1801006037 CASE PRESENTATION

 LONG CASE 


60 YRS OLD MALE WITH THE COMPLAINTS OF UPPER AND LOWER LIMB SWELLING SINCE 10 DAYS

Chief complaints:

A 60 year old gentleman came to the casualty with the cheif complaints of edema of both upper and lower limbs since 10 days,complaints of facial swelling decreased urine output since yesterday, vomiting of 6 episodes on  Saturday , loose stools of 4 episodes  on Sunday 
 Hopi: Patient was apparently asymptomatic 10 days back then he developed Bilateral pedal edema since 10 days which was insidious in onset and gradually progressive in nature  for which he admitted in government hospital. Condition worsened and swelling of face bilateral upper limb started 4 days back .
Complaints of decreased urine output on day before presentation 
Associated with 6 episodes of vomiting food particles as content non bilious non projectile non blood tinged
4 episodes of loose stools watery non blood stained
No history of fever, palpitations, sob, pain abdomen, sweating, burning micturition. 
SEQUENCE OF EVENTS;18 Yrs back he was diagnosed with type2 DM                                                     ↓
Around 6 years back, one fine day when he went to pass urine, patient suddenly had LOC for around 10 mins with involuantry movements of ?Rt Upper limb and lower limb, uprolling of eyes + , tongue bite + frothing from mouth + and he was taken to local hospital where they were said to have to significant findings in CT and he hasn't been started on any medications and sent to home with in 2-3 days.                                                                  ↓
2yrs back patient developed altered sensorium and was having hyperglycemia at private hsptl then he was diagnosed to have DKA and treated with inslin.                                  ↓
4 months back he complained of pedal edema for which they went to nalgonda hsptl and stayed approximately 1 week and resolved edema ,while planning for discharge he suddenly developed vomitings for 3days (non bilious, non projectile vomitings) later on his sensorium deteriorated and aphasia also developed and brought to our hsptl and found out to be having hyponatremia and hypokalemia and corrected with 3%NS and later with in 1-2 days patient became normal and thought of SIADH secondary to ?frontal lobe contusion and he was discharged with normal electrolyts.                                 ↓
10 days back (6/3/23) patient developed pedal edema for which he went nalgonda hsptl again and treated there for 4days and on 10/3/23 he suddenly started having vomitings(6 episodes of vomitings in 2 days) and loose motions (7 episodes in 2 days) later on his sensorium deteriorated and brought to our hsptl on sunday night(12/3/23).


Past history:

History of similar complaints in the past and admitted in the hospital on 23rd December 2022 and discharged on 31 December 2022. There was history of altered sensorium present at the time of previous hospitalisation.

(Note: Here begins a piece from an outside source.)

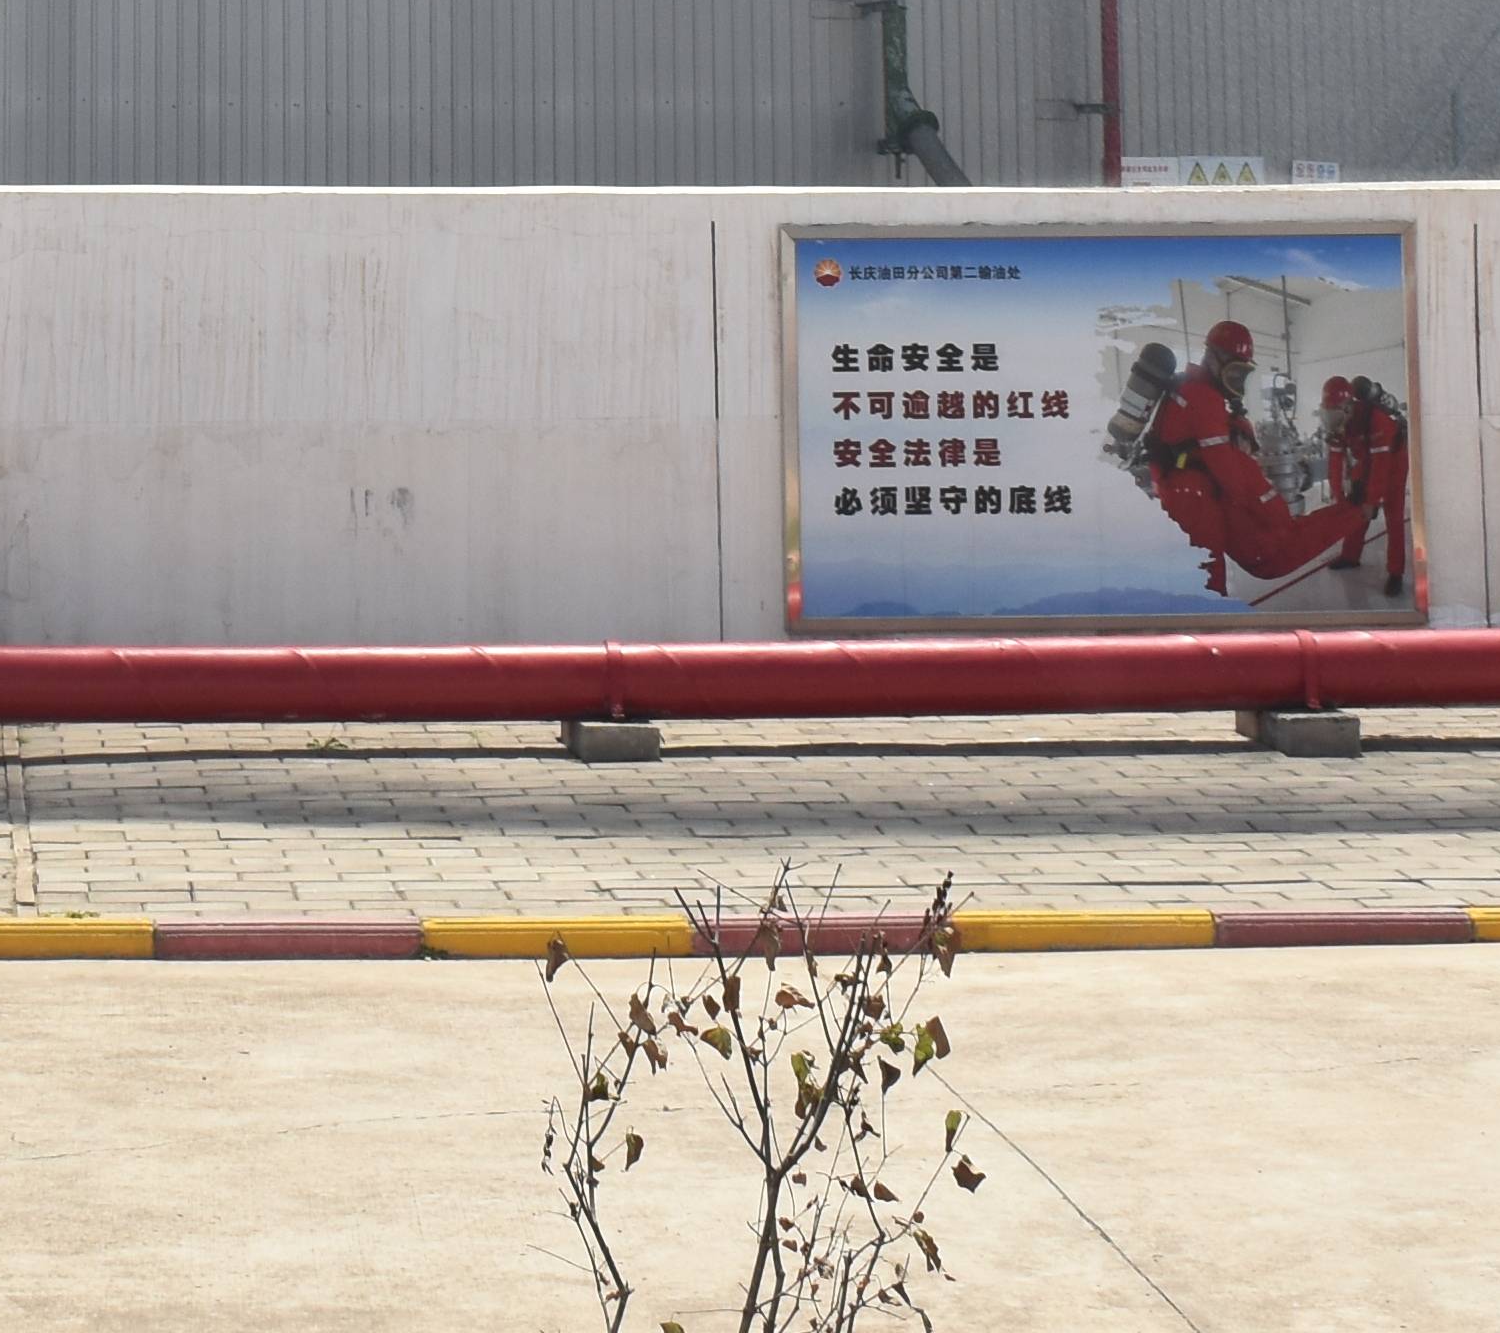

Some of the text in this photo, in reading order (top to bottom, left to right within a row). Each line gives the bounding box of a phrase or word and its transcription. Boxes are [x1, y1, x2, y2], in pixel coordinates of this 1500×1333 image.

Known case of diabetes from 18 years. On Tab. Glimipride 1mg before breakfast and Tab. Metformin 500 mg after breakfast.


Known case of hypertension since 4 years. On Tab. Telma H(TELMISARTAN 40 mg+ hydrochlorthiazide 12.5mg) in morning and Tab. Cilacar 10mg at night.


Not a known case of tuberculosis, bronchial asthma, CAD, CVD.


PERSONAL HISTORY:


Farmer by occupation. Stopped since 4 years


Appetite decreased from 10 days


Decreased urine output since yesterday


Known alcoholic. Stopped from 20years


Known smoker stopped since 20 years


DAILY ROUTINE OF PATIENT:used to wake up at 6 am and will do his morning rituals by 7:30 am 

and will have breakfast by 8 amwhich consists of rice,curry and goes to work he used to do ctting trees and woods also sometimes he goes to his own feileds where he waters the fields and removes the weeds sowing fertilisers and some cattle rearing too and will have his lunch by 1 pm which consists of rice ,curry and comes to the home by 5 or 6 pm and will freshens up and will have dinner by 8pm and goes to bed by 10pm.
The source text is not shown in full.